During that time, enrolled members of the Osage Indian nation were among the wealthiest people per capita in the world. The rich oil fields beneath their reservation brought millions of dollars into the tribe annually, distributed to tribal members holding "headrights" that could not be bought or sold but only inherited. This vast wealth attracted the attention of unscrupulous whites who found ways to divert it to themselves by marrying Osage women or by having Osage declared legally incompetent so the whites could fleece them through the administration of their estates.
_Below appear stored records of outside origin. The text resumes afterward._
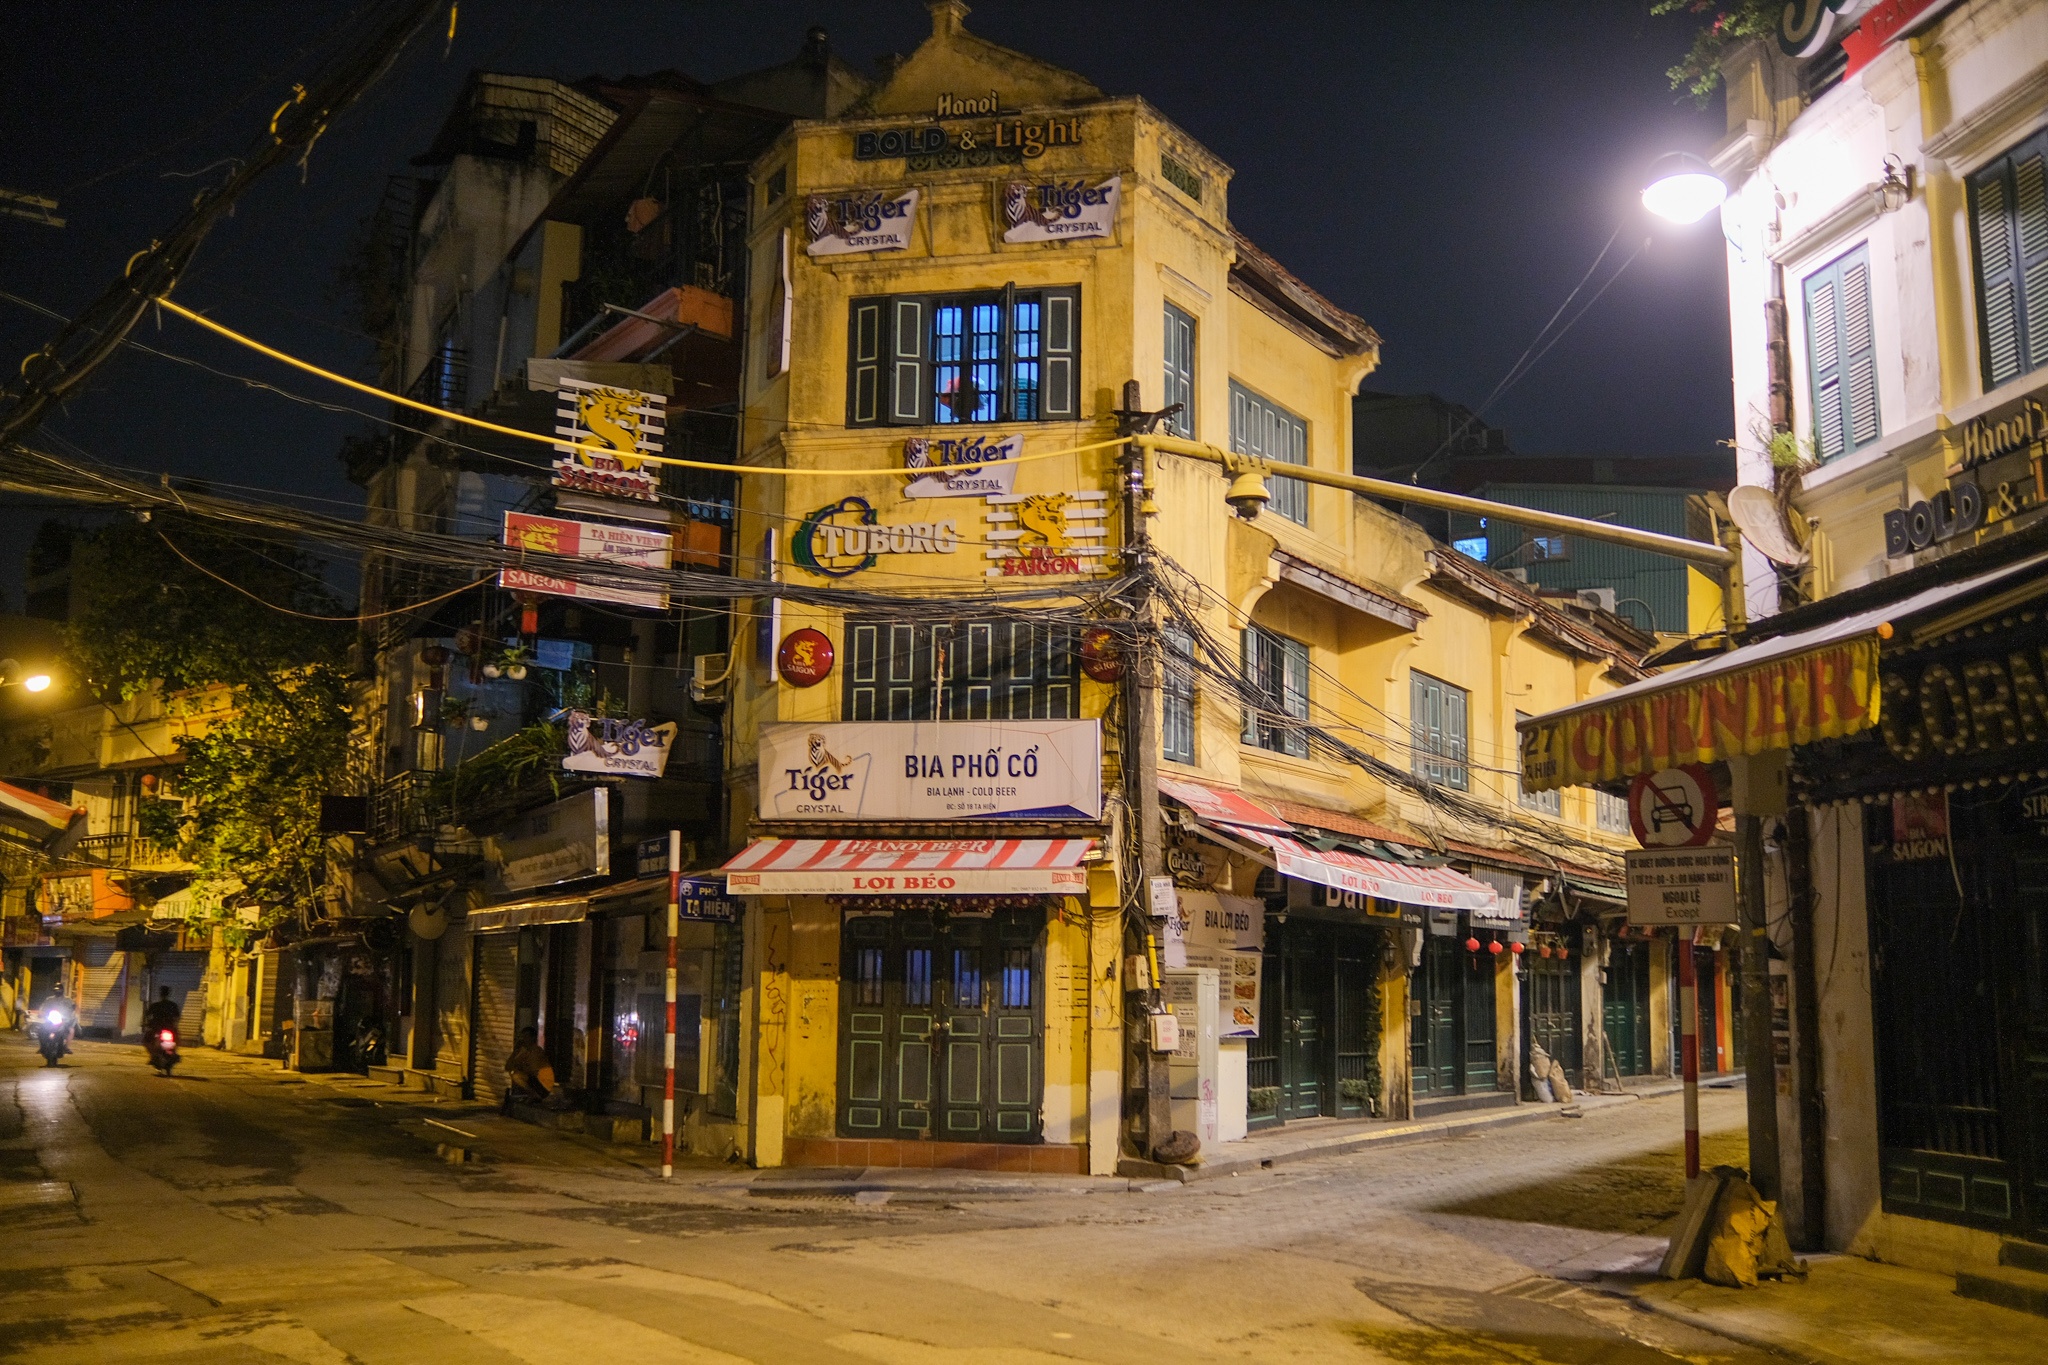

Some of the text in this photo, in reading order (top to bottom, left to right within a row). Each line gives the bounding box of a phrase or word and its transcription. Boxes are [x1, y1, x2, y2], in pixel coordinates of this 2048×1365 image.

[937, 90, 998, 117] Hanoi
[857, 120, 1081, 161] BOLD & Light
[1038, 179, 1112, 219] Tiger
[835, 192, 911, 231] Tiger
[1047, 221, 1102, 234] CRYSTAL
[848, 235, 902, 247] CRYSTAL
[939, 435, 1014, 476] Tiger
[947, 479, 1003, 490] CRYSTAL
[1884, 481, 1985, 560] BOLD
[635, 535, 664, 548] VIEW
[818, 519, 958, 558] TUBORG
[1004, 556, 1080, 577] SAIGON
[1572, 650, 1868, 772] CORNER
[598, 717, 671, 756] Tiger
[604, 756, 658, 772] CRYSTAL
[905, 745, 1039, 778] BIA PHỐ CỔ
[785, 766, 854, 801] Tiger
[927, 786, 942, 797] BIA
[944, 786, 965, 799] LẠNH
[972, 786, 993, 797] COLD
[996, 786, 1018, 797] BEER
[796, 804, 844, 814] CRYSTAL
[847, 840, 989, 855] HANOI BEER
[904, 873, 955, 889] BÉO
[1205, 909, 1220, 929] BIA
[1234, 909, 1250, 931] BÉO
[1666, 906, 1701, 920] Except
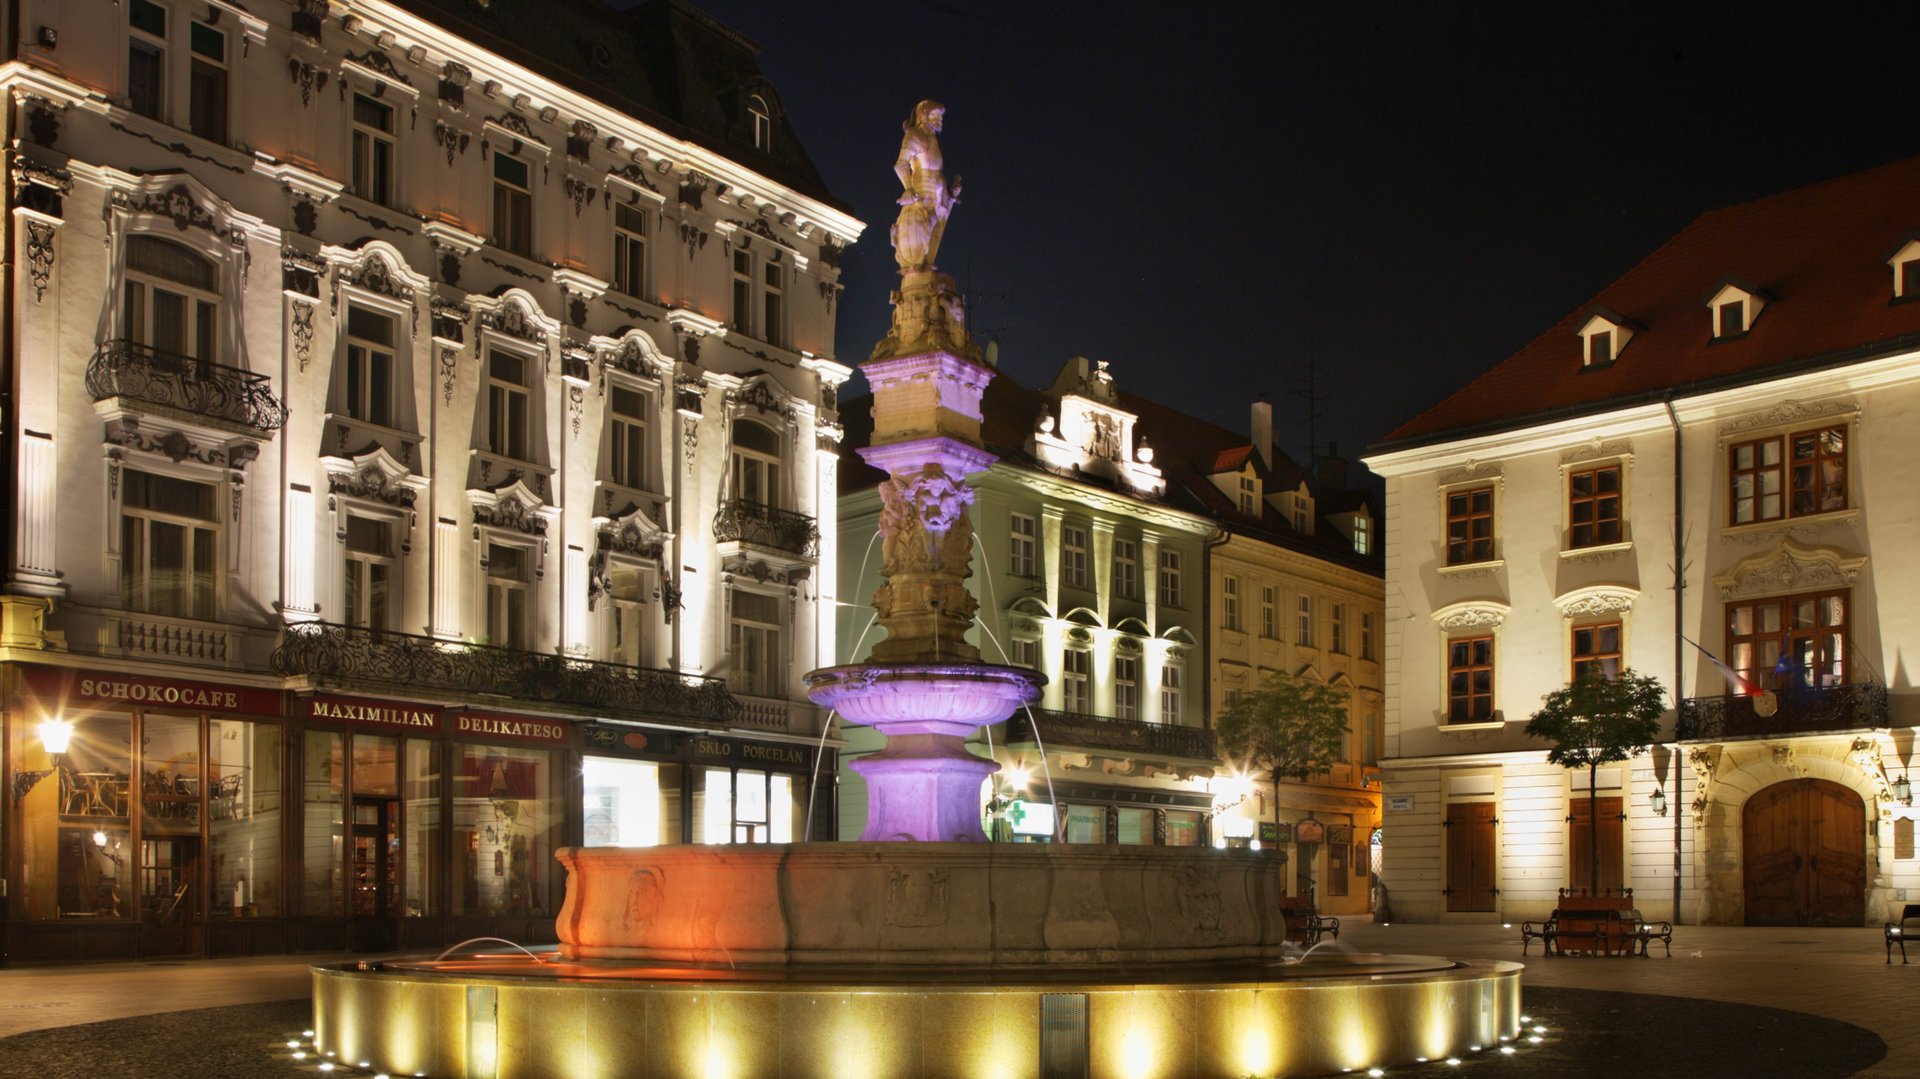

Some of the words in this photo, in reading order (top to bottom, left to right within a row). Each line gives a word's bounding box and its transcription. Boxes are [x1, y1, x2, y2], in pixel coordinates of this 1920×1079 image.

[80, 679, 238, 708] SCHOKOCAFE
[312, 701, 434, 727] MAXIMILIAN
[458, 717, 563, 739] DELIKATESO
[699, 740, 731, 756] SKLO
[743, 745, 803, 763] PORCELÁN
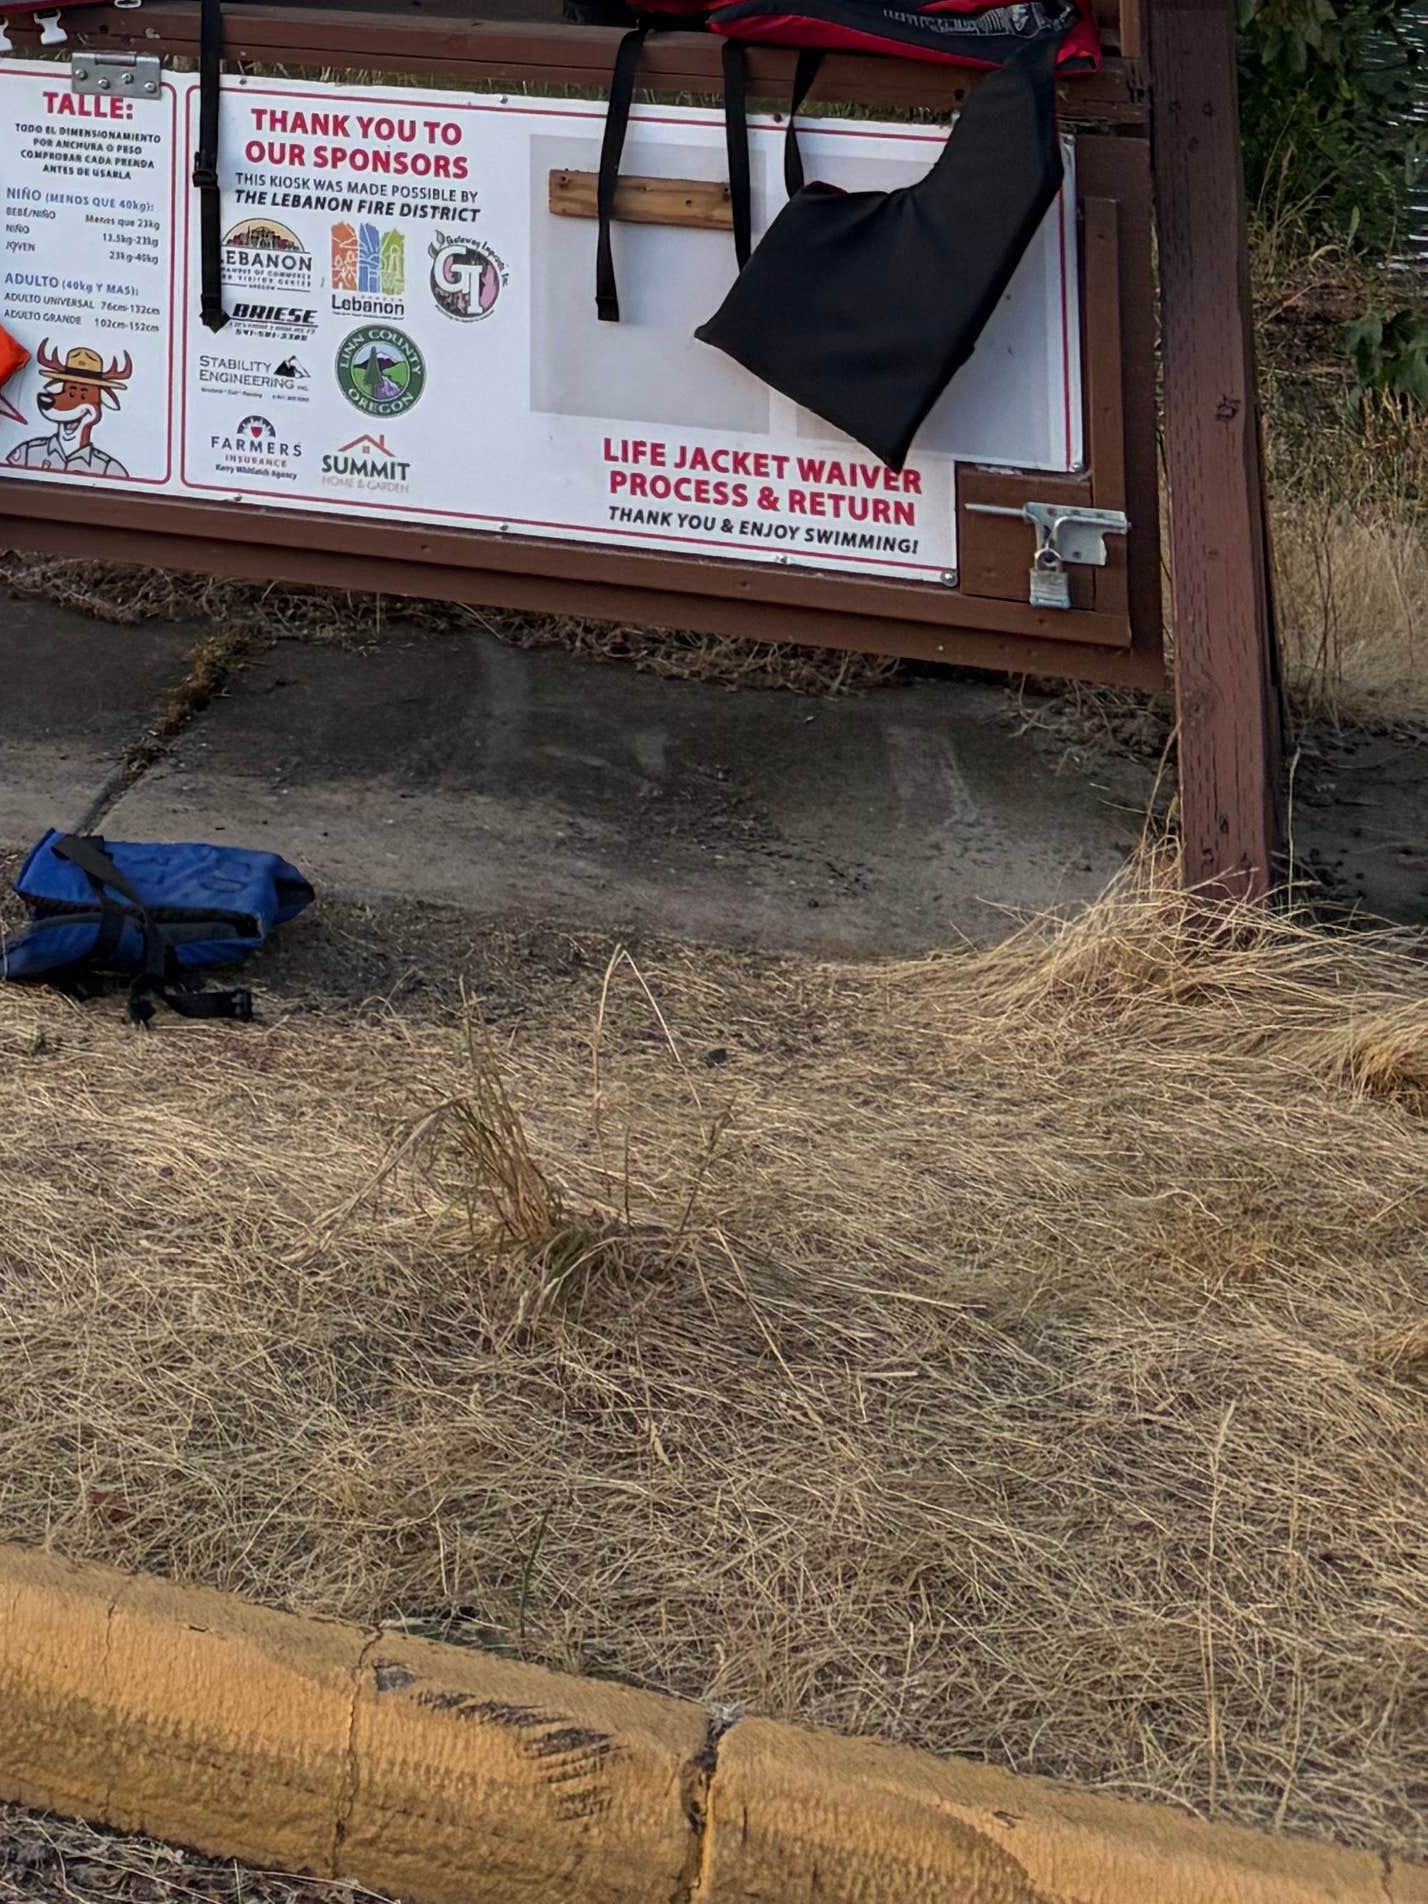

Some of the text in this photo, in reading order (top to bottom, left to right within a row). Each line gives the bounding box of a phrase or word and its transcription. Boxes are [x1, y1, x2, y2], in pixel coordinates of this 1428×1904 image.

For some, however, these deceptive tactics were not enough, and a plague of violent death—by shooting, poison, orchestrated automobile accident, and bombing—began to decimate the Osage in what they came to call the "Reign of Terror." Corrupt and incompetent law enforcement and judicial systems ensured that the perpetrators were never found or punished until the young J. Edgar Hoover saw cracking these cases as a means of burnishing the reputation of the newly professionalized FBI. Bestselling New Yorker staff writer Grann (The Devil and Sherlock Holmes: Tales of Murder, Madness, and Obsession, 2010, etc.) follows Special Agent Tom White and his assistants as they track the killers of one extended Osage family through a closed local culture of greed, bigotry, and lies in pursuit of protection for the survivors and justice for the dead. But he doesn't stop there; relying almost entirely on primary and unpublished sources, the author goes on to expose a web of conspiracy and corruption that extended far wider than even the FBI ever suspected. This page-turner surges forward with the pacing of a true-crime thriller, elevated by Grann's crisp and evocative prose and enhanced by dozens of period photographs.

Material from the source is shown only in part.